По-моему, он читал свою знаменитую «Квартиру номер шесть». Но я слабо следил за тем, что читалось. Я вслушивался в голос молодого Глеба, в его знакомую модуляцию, в своеобразную интонационную оркестровку стиха. И вся эта далекая, давно прожитая жизнь, возникла перед глазами… Ожили запахи и звуки. Прошли чередой лица некогда юных моих друзей… И защемило сердце. И проплыл перед глазами родной Васильевский…

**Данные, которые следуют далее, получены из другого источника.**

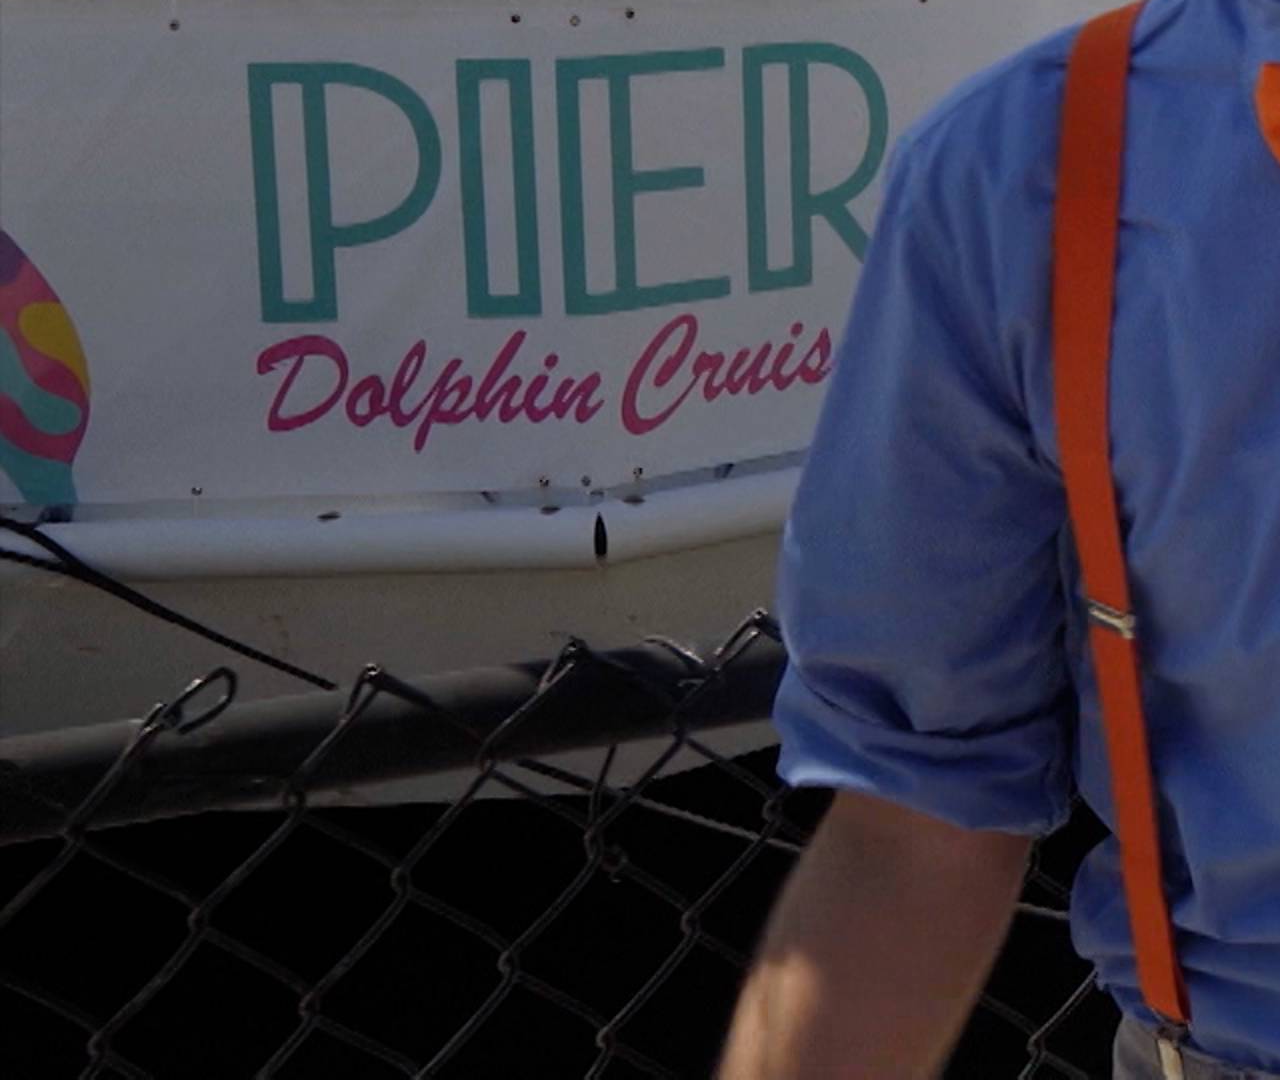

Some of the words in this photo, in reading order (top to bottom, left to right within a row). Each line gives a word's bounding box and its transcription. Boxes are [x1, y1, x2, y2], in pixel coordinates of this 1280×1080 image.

От «Дома Академиков» до Андреевского собора
Прогулка девятая
Она начинается, у знаменитого «Дома Академиков» и приведет читателя к Андреевскому собору. На этом коротеньком маршруте вы сможете узнать о некоторых архитектурных особенностях одного из старейших в городе рынков: полюбопытствовать, насколько погрузилось в питерскую землю подворье Александро-Невской Лавры, заглянуть в аптеку Пеля и в бывшее Андреевское училище, где преподавал великий «бес» Сергей Нечаев, а также обнаружить, что участок, по которому мы прогуливаемся, чем-то схож с Бермудским треугольником.
Там, где Шестая и Седьмая линии приближаются к пересечению с Большим проспектом и на самом перекрестке по сию пору сохранился удивительный, заповедный уголок Петербурга, где жилые дома, общественные и культовые здания остались, благодаря реставраторам, почти такими, какими были они в XVIII веке. Причем некоторые из домов этих, судя по фасадам, относятся к первой половине века. Более того, тоже самое можно было бы утверждать и о многих соседних с ними зданиях. Стоит сбить с их стен толстенные слои штукатурки, открыть кирпичную кладку, оонажить подвальные перекрытия, и перед нами вдруг явится миру творение времен Анны Иоанновны, Елизаветы Петровны, а то и Петра Великого.